Final answer:
The solutions of the equation f(x)=g(x) are the x-values at which the two functions have equal outputs, signifying their intersection points. Inversely, if f(x)g(x) equals a constant, f(x) and the multiplying factor are inversely proportional. With quadratic equations, two solutions usually exist, but real-world context may deem one more reasonable.
Step-by-step explanation:
The statement "Which statement is true about the solutions of the equation f(x)=g(x)?" suggests that we are dealing with an equation where two functions, f(x) and g(x), are set equal to each other. The solutions to this equation are the x-values for which both functions have the same output, or y-value. In other words, these are the intersection points of the graphs of f(x) and g(x).

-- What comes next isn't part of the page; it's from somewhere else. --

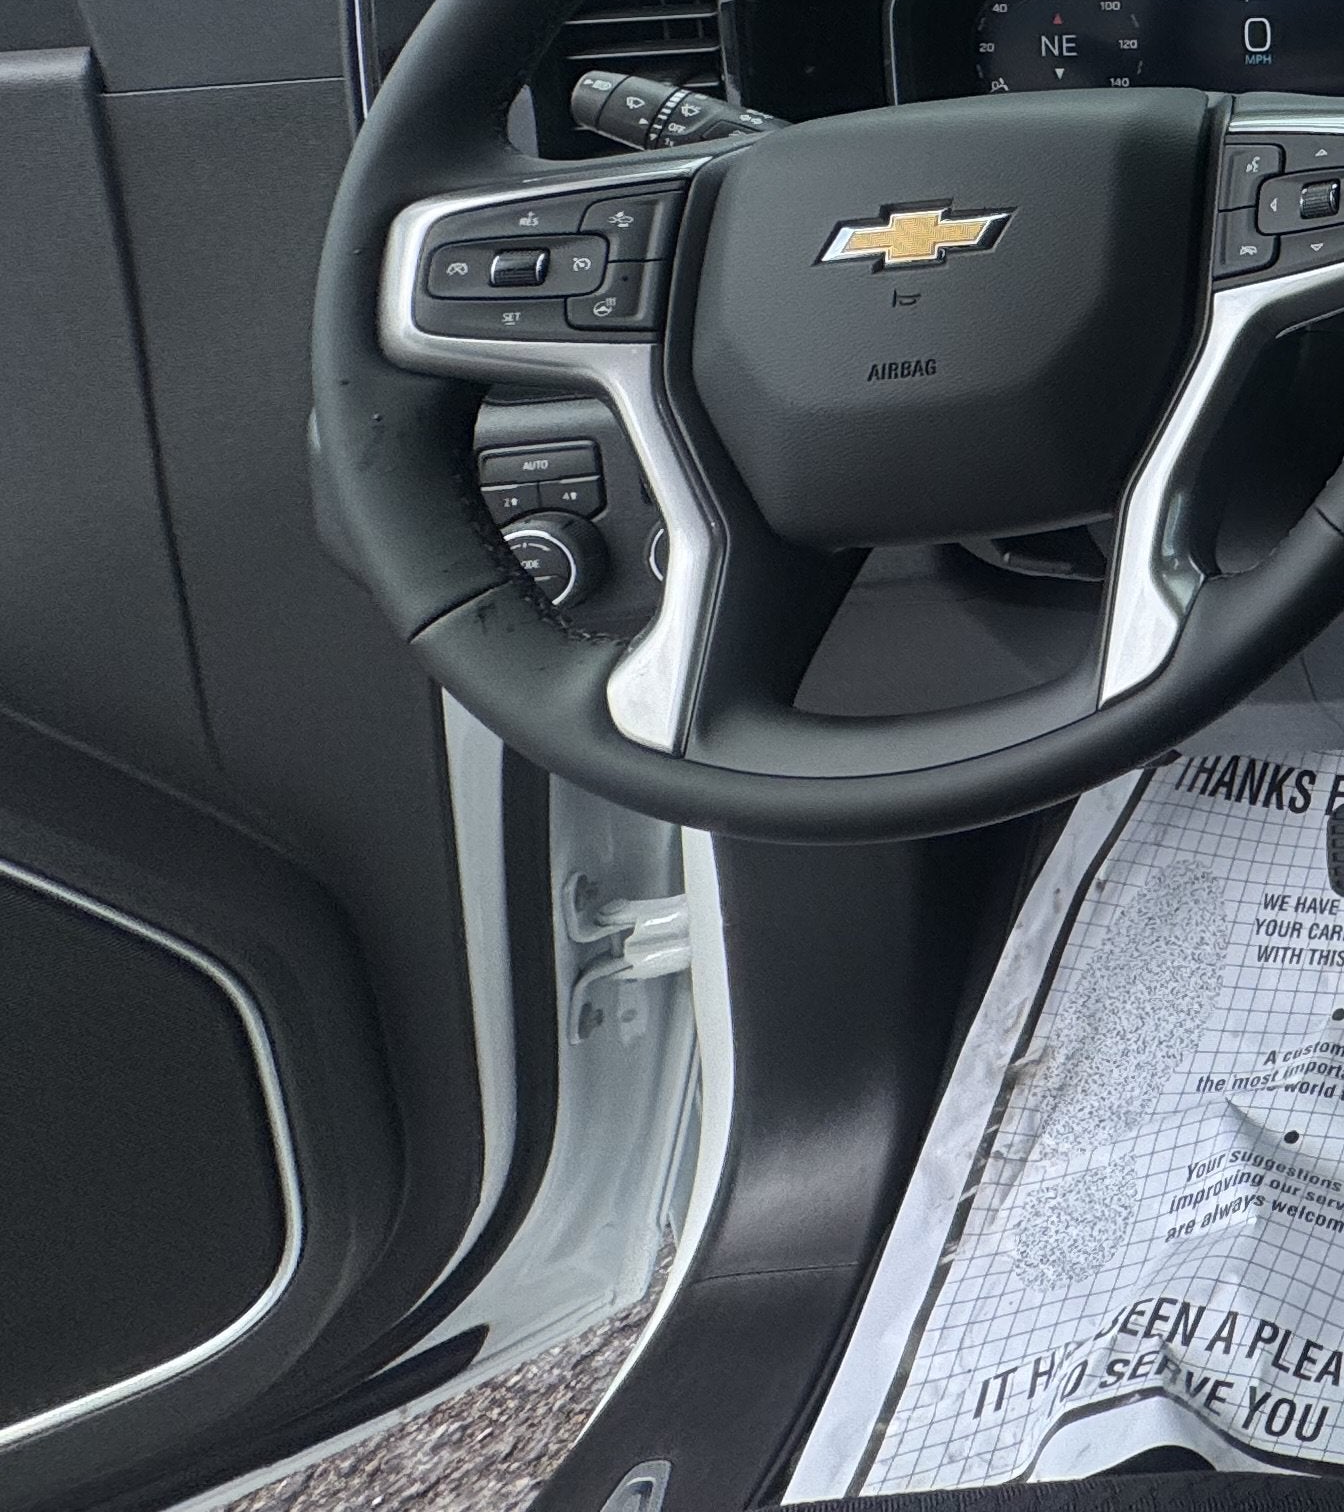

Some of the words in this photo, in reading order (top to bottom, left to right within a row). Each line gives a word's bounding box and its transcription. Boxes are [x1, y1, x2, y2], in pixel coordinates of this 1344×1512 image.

When discussing the solutions to f(x)g(x) = constant, where the product of f(x) and some value λ equals a constant, we're exploring inverse variation. As f(x) gets smaller, λ must get larger to maintain the constant product, and as f(x) gets larger, λ must get smaller. This relationship is fundamental to understanding direct and inverse variation.
In the context of quadratic equations, where the function includes an unknown squared, there are typically two solutions. However, in applied problems, sometimes only one solution is practically significant. Recognizing which solution(s) make sense within real-world constraints is an essential part of problem-solving.